Data Model

The data model is a formal description of what types of data entities we are working with and how they relate to each other. The FireCloud data model currently supports the following basic entity types:

You import metadata corresponding to these entities by uploading load files in tab-separated-value format (a type of text file). All of the lines in a load file must reference entities of the same type, and separate files must be used for each entity type. The first line must contain the appropriate field names in their respective column headers. See the individual entity entries for examples of load files.

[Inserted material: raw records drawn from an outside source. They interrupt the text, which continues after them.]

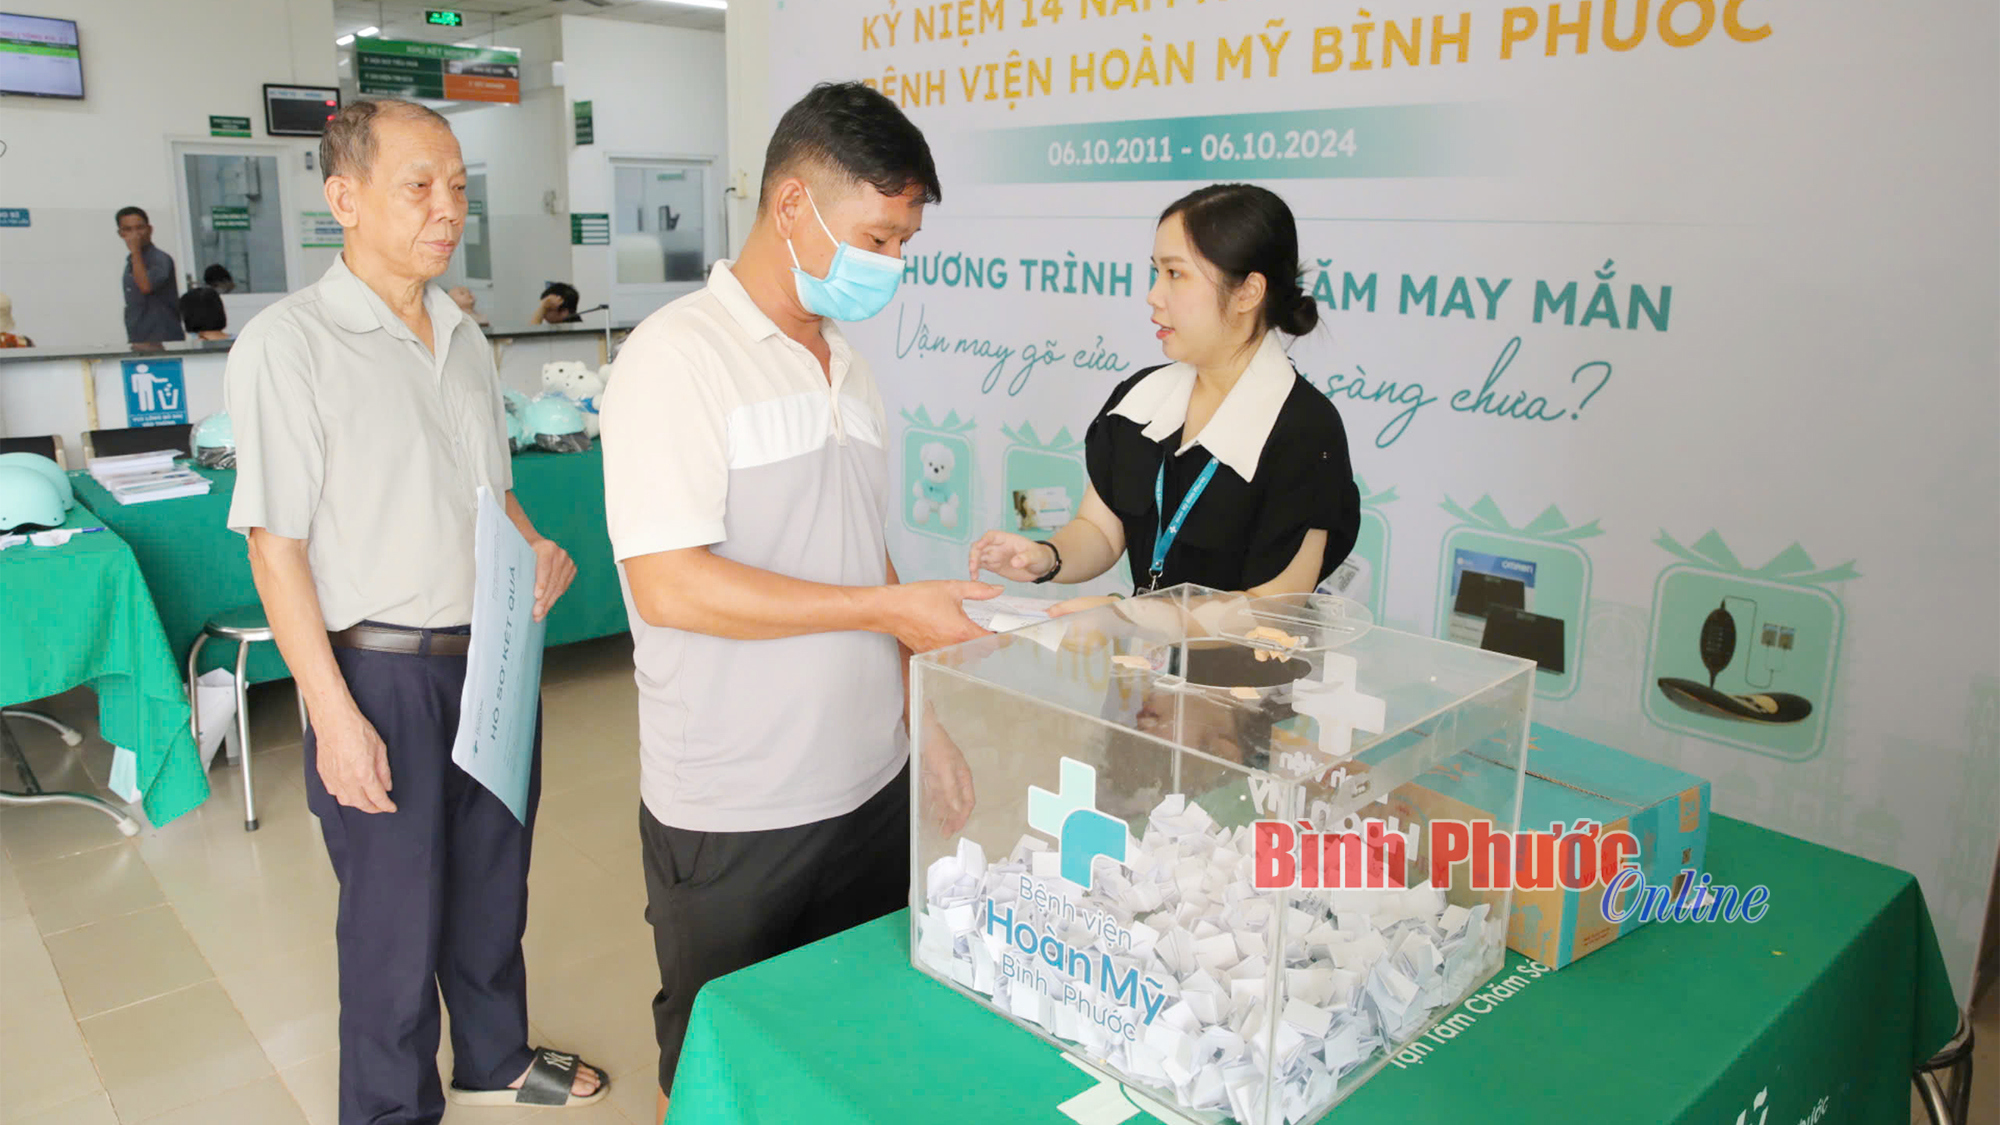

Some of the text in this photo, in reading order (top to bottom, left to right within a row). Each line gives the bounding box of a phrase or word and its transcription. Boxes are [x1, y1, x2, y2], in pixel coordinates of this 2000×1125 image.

[861, 7, 902, 51] KỶ
[913, 0, 1004, 47] NIỆM
[1021, 0, 1063, 28] 14
[960, 49, 1052, 110] VIỆN
[1069, 33, 1195, 94] HOÀN
[1215, 17, 1291, 82] MỸ
[1311, 8, 1471, 74] BÌNH
[1048, 136, 1173, 167] 06.10.2011
[1200, 129, 1357, 164] 06.10.2024
[902, 251, 1008, 290] HƯƠNG
[1019, 249, 1133, 298] TRÌNH
[1398, 273, 1512, 321] MAY
[1532, 258, 1673, 333] MẮN
[896, 302, 1614, 450] Vận may gõ cửa sàng chưa?
[1019, 874, 1133, 951] Bệnh viện
[985, 898, 1168, 1026] Hoàn Mỹ
[1001, 952, 1137, 1043] Bình Phước
[1464, 974, 1531, 1014] Chăm
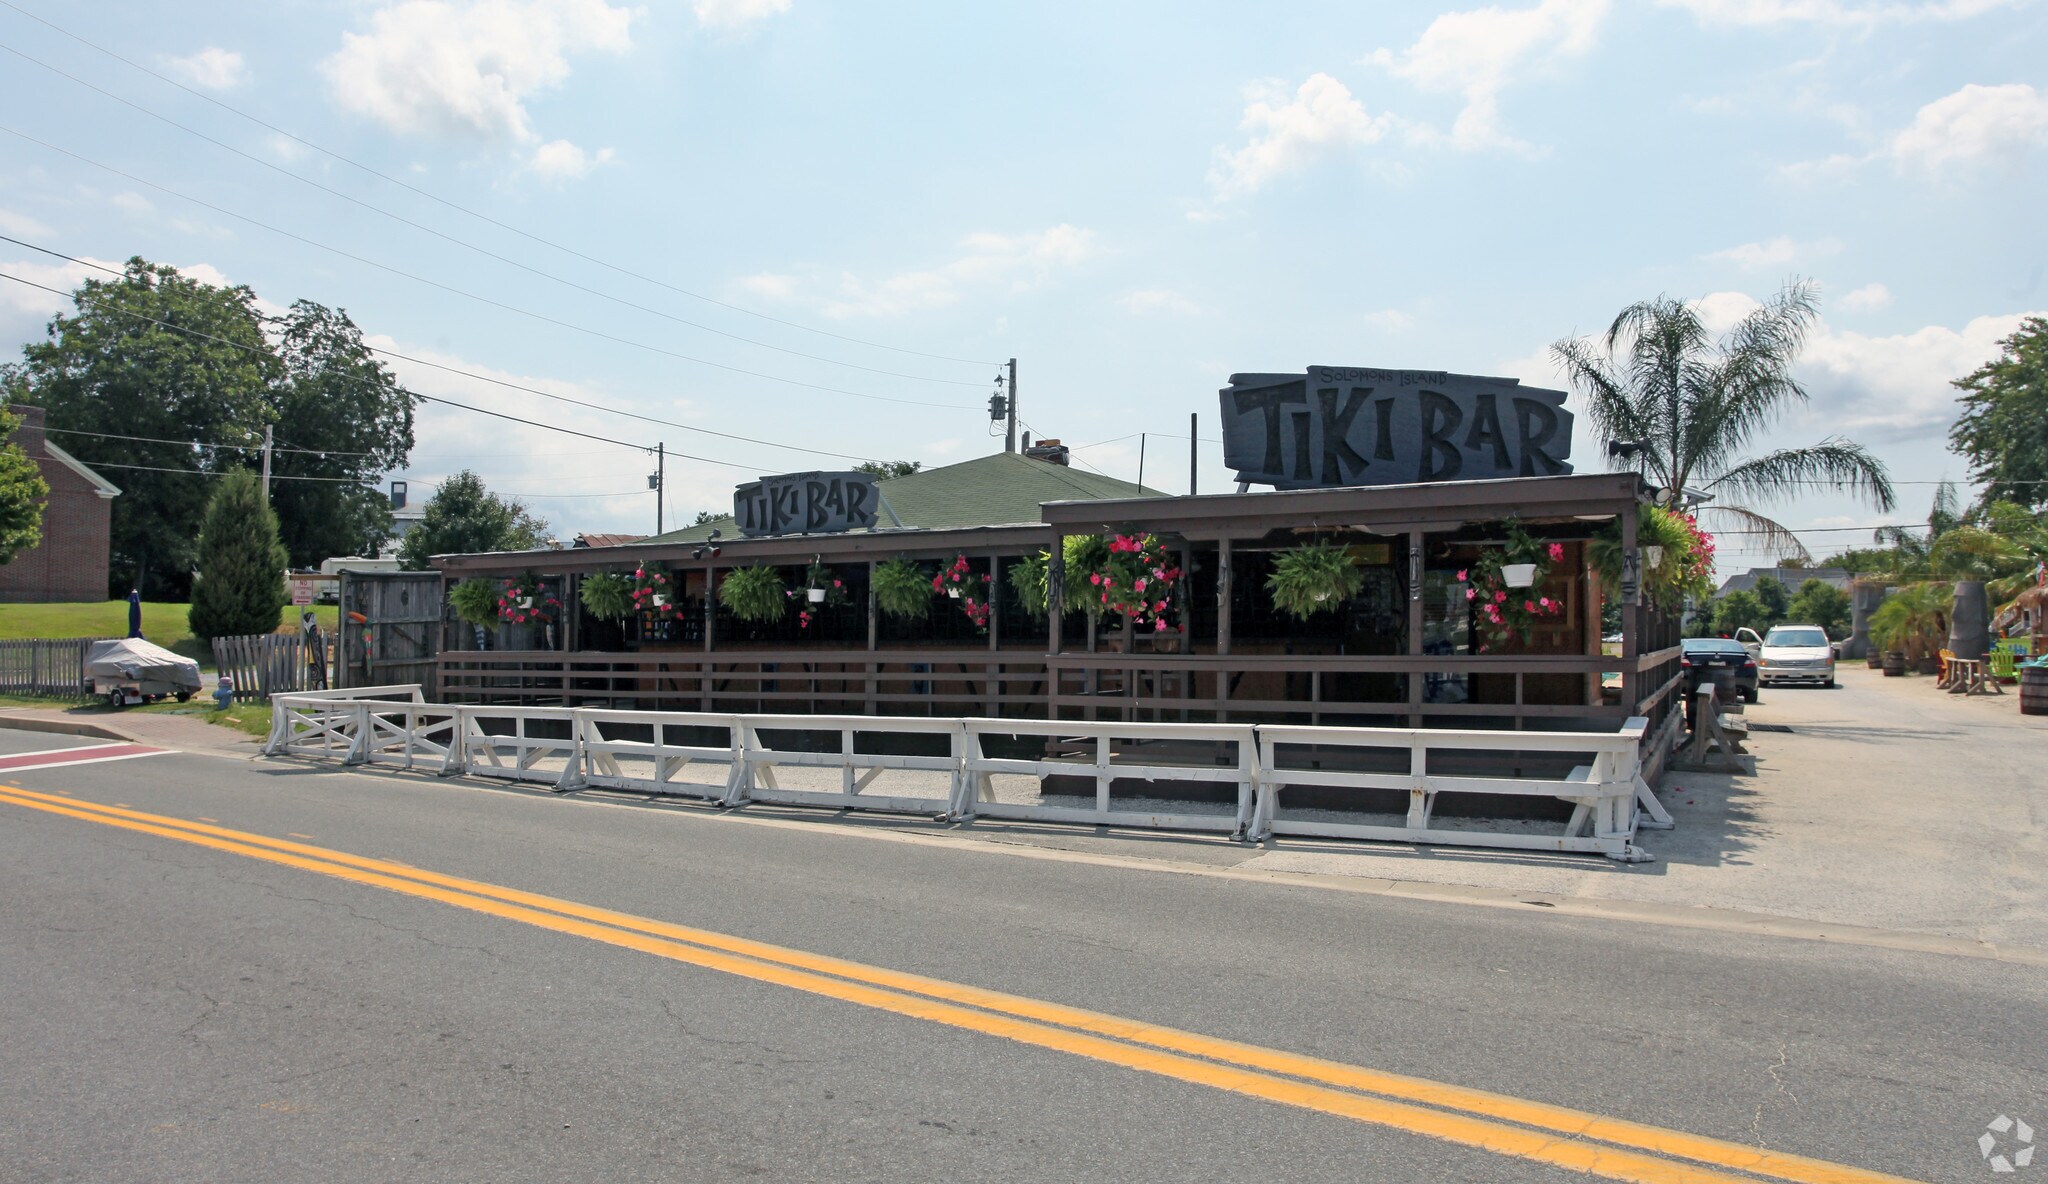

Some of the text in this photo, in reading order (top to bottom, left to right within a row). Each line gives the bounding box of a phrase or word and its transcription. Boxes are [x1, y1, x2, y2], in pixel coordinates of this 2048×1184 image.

[1320, 367, 1447, 386] SOLOMONS ISLAND
[1232, 379, 1566, 485] TIKI BAR
[737, 478, 869, 532] TIKI BAR
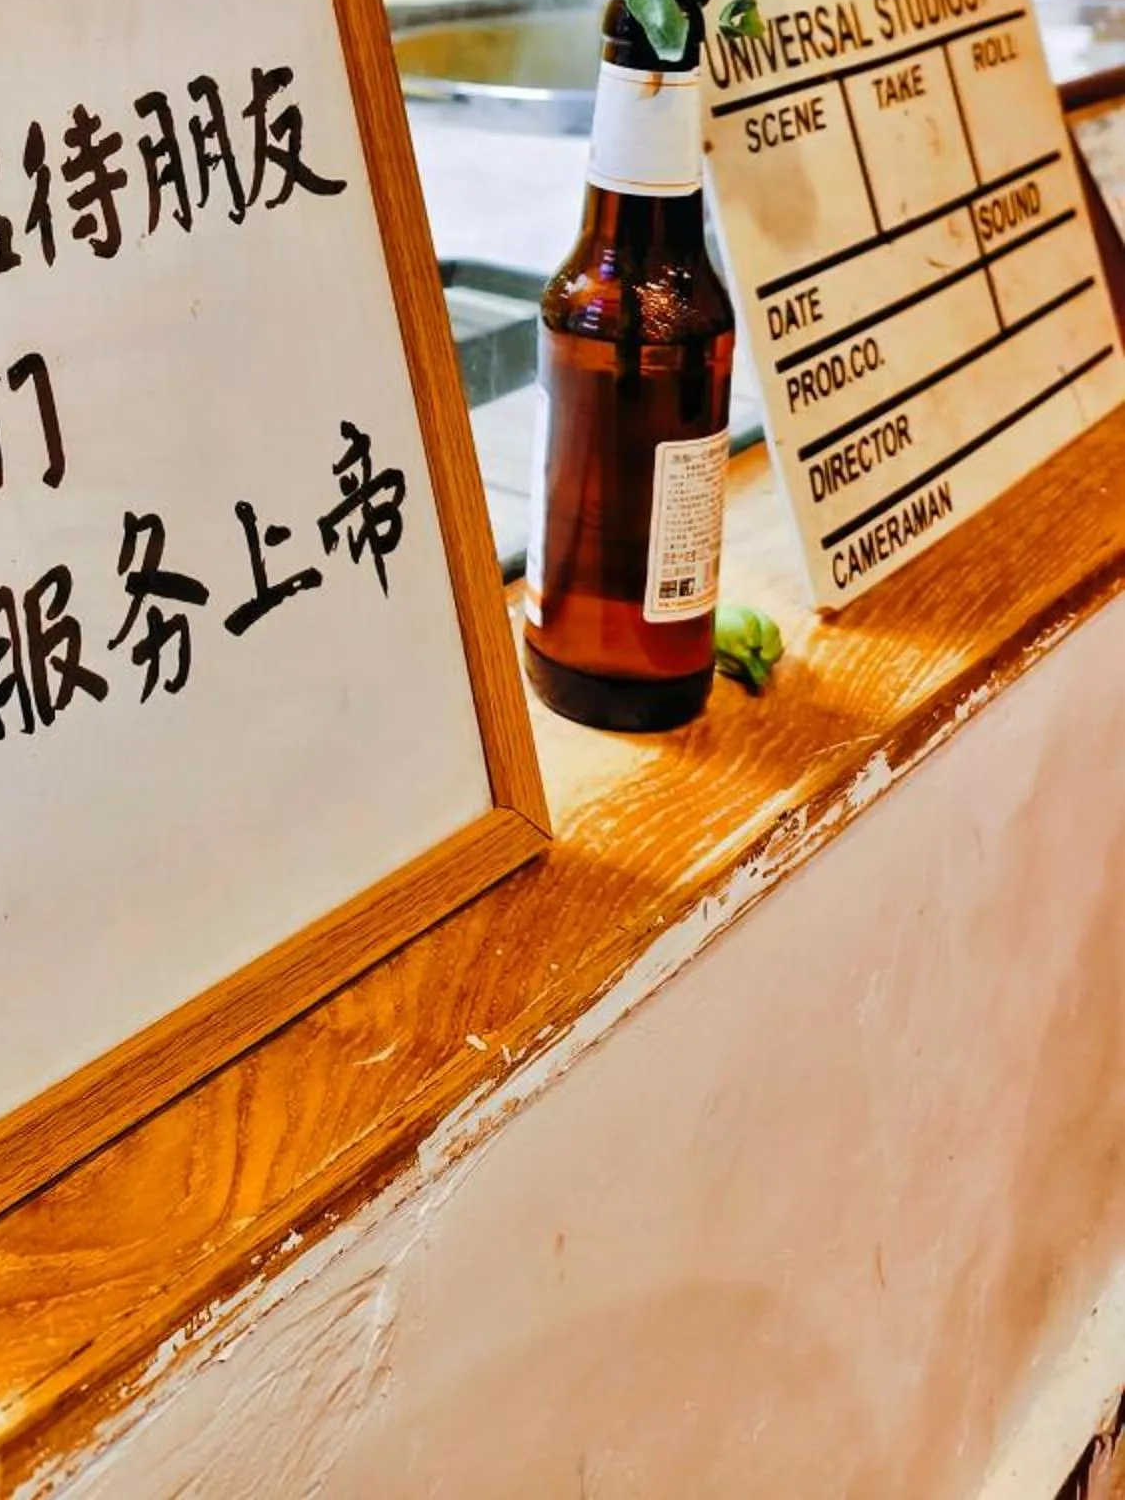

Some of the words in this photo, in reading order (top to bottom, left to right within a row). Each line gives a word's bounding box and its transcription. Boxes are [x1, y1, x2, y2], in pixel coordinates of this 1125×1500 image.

[704, 1, 874, 90] UNIVERSAL
[971, 32, 1018, 71] ROLL
[872, 64, 926, 108] TAKE
[745, 97, 827, 153] SCENE
[978, 181, 1042, 241] SOUND
[767, 287, 823, 340] DATE
[808, 414, 912, 503] DIRECTOR
[832, 481, 953, 589] CAMERAMAN

Note that for each of the basic entities, the data model also supports set entities, which are essentially lists of the basic entity type.

  • Participant Set
  • Sample Set
  • Pair Set

In set load files, each line lists the membership of a non-set entity (e.g., participant) in a set (e.g., participant set). The first column contains the identifier of the set entity and the second column contains a key referencing a member of that set. For example, a load file for a participant set looks like this:

membership:participant_set_id participant_id

Note that multiple rows in a set load file may have the same set entity id (e.g. TCGA_COAD).

Order for uploading Load Files

Load files must be imported in a strict order due to references to other entities.

The order is as follows ("A > B" means entity type A must precede B in order of upload):

  • participants > samples
  • samples > pairs
  • participants > participant sets
  • samples > sample sets
  • pairs > pair sets
  • set membership > set entity, e.g., participants > samples > sample set membership > sample set entity.